Good managers create value by increasing net operating income. How are they going to achieve this? Net operating income is impacted most by occupancy and rental rates. What is their assumed growth rate of revenue and how do they determine it? What is their terminal occupancy rate? Every pro forma has an occupancy assumption at stabilization. Make sure the property is in line with the rest of the market, or slightly below it.

How do they treat expenses such as property taxes and are they applying a realistic inflation rate to all of the expenses? Property tax increases can have a big impact on the bottom line. Make sure the sponsor is resetting them based on the new purchase price and not using historical figures. They will go up, and sometimes substantially.

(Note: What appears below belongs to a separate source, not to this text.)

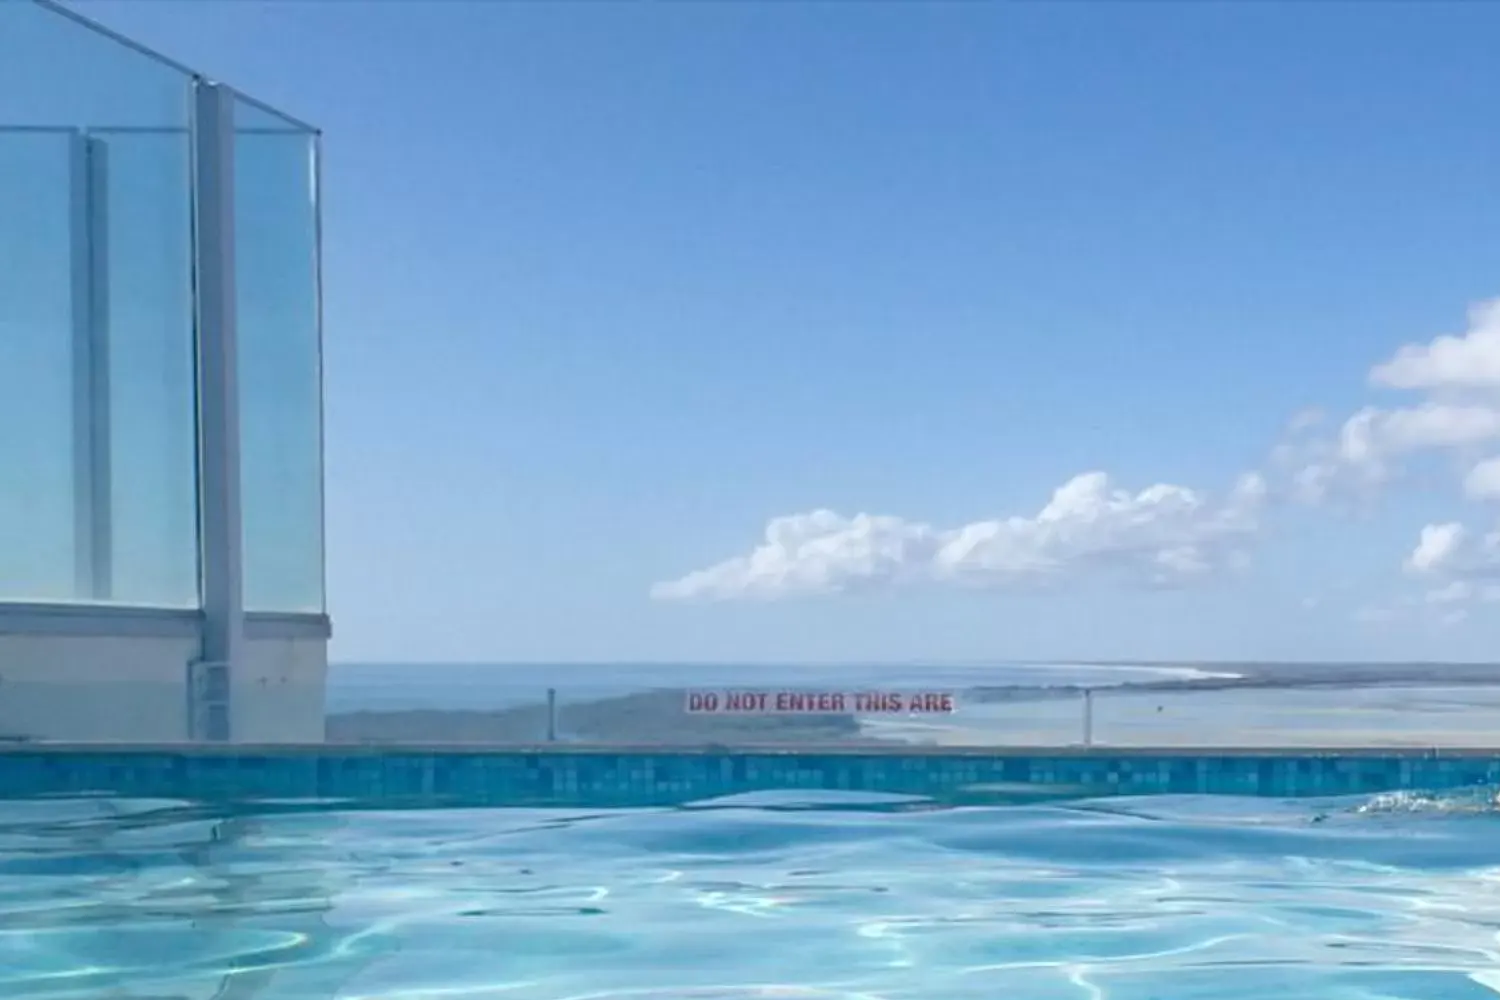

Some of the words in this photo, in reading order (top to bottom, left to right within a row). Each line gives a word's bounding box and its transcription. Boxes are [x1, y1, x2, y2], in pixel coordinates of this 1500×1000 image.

[689, 692, 718, 711] DO
[726, 692, 766, 711] NOT
[776, 692, 845, 711] ENTER
[855, 693, 902, 712] THIS

Most importantly, what is their business plan and do you believe it is realistic? Use a common sense approach. Can a class A property also be home to low income renters? A business plan should be easy to understand and make sense intuitively.

If you can’t get past this section, don’t bother with the other 9 questions below.

# 2 “How much of your money are you investing in the deal?”

Alignment is everything. Your manager should be investing a significant amount of his or her own capital (not capital funded by others) right along with you. And the bulk of his or her earnings should come from investment returns — not transactional fees. “Skin in the game” ensures that they are motivated by the right outcome. You want them to win when you win, and lose when you lose.

# 3 “What is your competitive advantage in the market?”

What does the manager believe his or her team does better than anyone else in the market? If they don’t have a competitive advantage, then why invest with them? A competitive advantage is generally something quantifiable. For example, if their competitive advantage is in sourcing opportunities, then how many deals do they look at before they pick the best ones to do, and where do they find them? If it’s in operations, then they should be able to benchmark themselves against an industry standard.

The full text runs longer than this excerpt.